YOUR INSTRUCTIONS :: Restate the whole of the data below word for word, skipping the images.

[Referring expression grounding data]
----------------

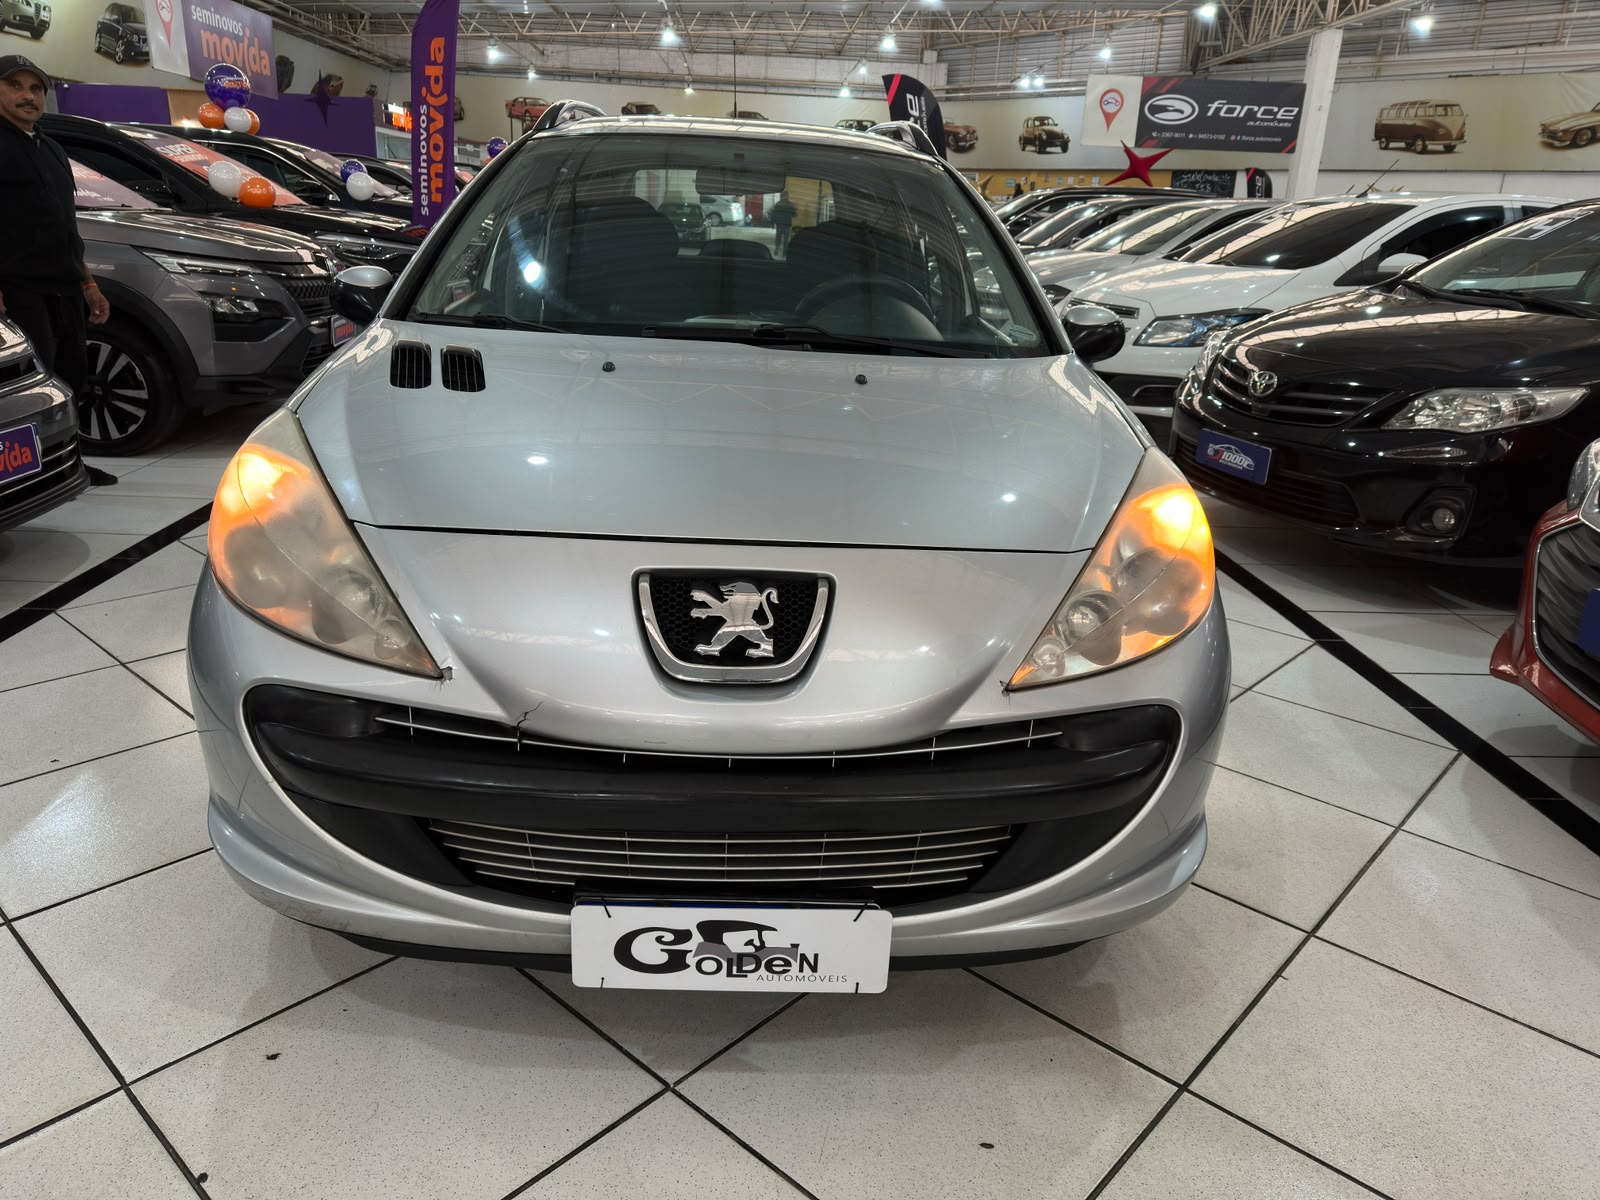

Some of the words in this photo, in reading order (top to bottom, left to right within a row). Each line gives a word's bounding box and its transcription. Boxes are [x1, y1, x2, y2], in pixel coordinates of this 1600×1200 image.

[191, 5, 243, 36] seminovos
[201, 27, 271, 77] movida
[421, 36, 448, 203] movida
[1207, 100, 1299, 120] force
[418, 104, 429, 217] seminovos
[756, 973, 848, 984] AUTOMÓVEIS
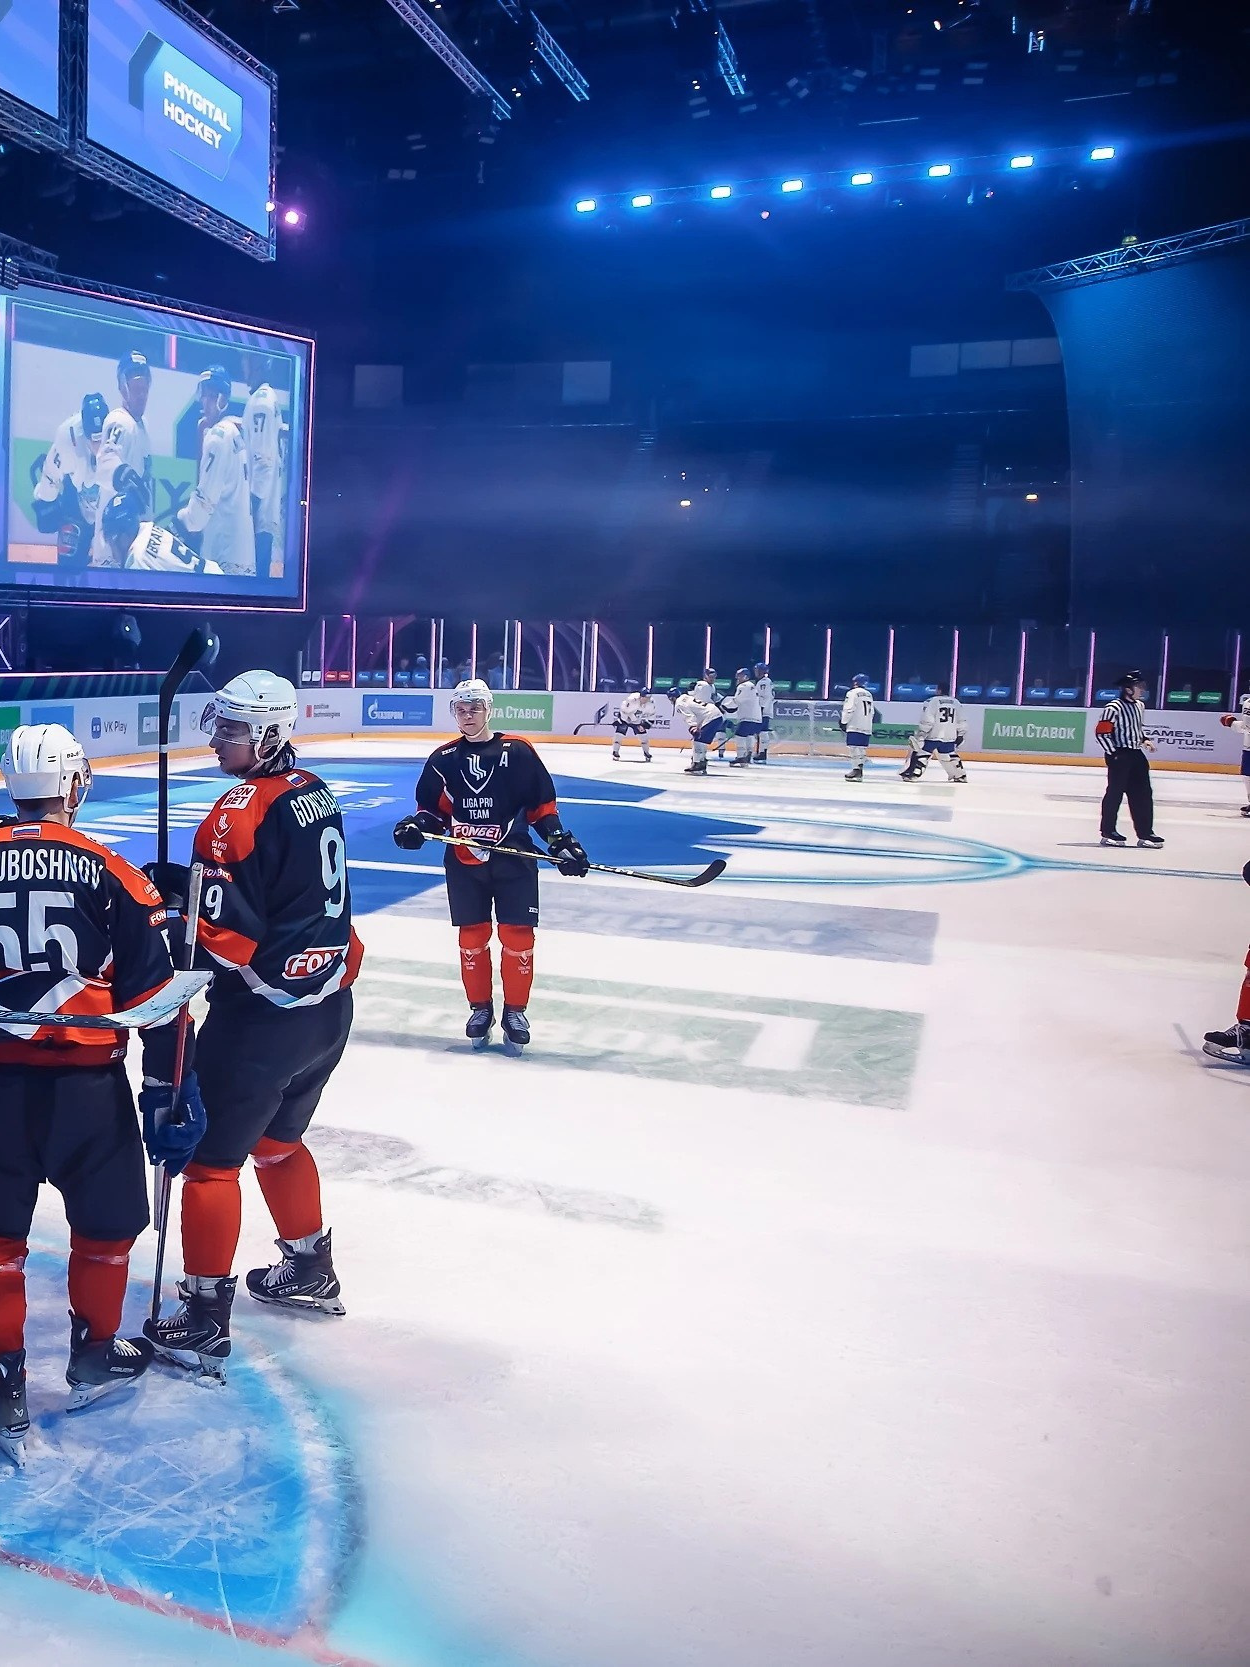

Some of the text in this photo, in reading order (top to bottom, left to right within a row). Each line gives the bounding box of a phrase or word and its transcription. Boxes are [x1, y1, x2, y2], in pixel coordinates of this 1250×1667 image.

[163, 71, 231, 132] PHYGITAL
[163, 99, 222, 149] HOCKEY
[813, 707, 842, 718] STA
[115, 720, 128, 735] Play
[1157, 737, 1215, 747] FUTURE
[499, 751, 509, 768] A
[230, 785, 252, 797] FON
[224, 795, 250, 806] BET
[462, 797, 494, 809] LIGA PRO
[468, 809, 490, 819] TEAM
[453, 824, 501, 840] FONBET
[319, 826, 346, 919] 9
[204, 884, 224, 921] 9
[278, 1284, 300, 1295] CCM
[165, 1330, 188, 1340] CCM

----------------

PROBLEM SOLUTION ::
Some of the words in this photo, in reading order (top to bottom, left to right within a row). Each line gives a word's bounding box and its transcription. Boxes are [x1, y1, x2, y2], in pixel coordinates of this 1600×1200 image.

[191, 5, 243, 36] seminovos
[201, 27, 271, 77] movida
[421, 36, 448, 203] movida
[1207, 100, 1299, 120] force
[418, 104, 429, 217] seminovos
[756, 973, 848, 984] AUTOMÓVEIS

Some of the text in this photo, in reading order (top to bottom, left to right within a row). Each line gives the bounding box of a phrase or word and its transcription. Boxes are [x1, y1, x2, y2], in pixel coordinates of this 1250×1667 image.

[163, 71, 231, 132] PHYGITAL
[163, 99, 222, 149] HOCKEY
[813, 707, 842, 718] STA
[115, 720, 128, 735] Play
[1157, 737, 1215, 747] FUTURE
[499, 751, 509, 768] A
[230, 785, 252, 797] FON
[224, 795, 250, 806] BET
[462, 797, 494, 809] LIGA PRO
[468, 809, 490, 819] TEAM
[453, 824, 501, 840] FONBET
[319, 826, 346, 919] 9
[204, 884, 224, 921] 9
[278, 1284, 300, 1295] CCM
[165, 1330, 188, 1340] CCM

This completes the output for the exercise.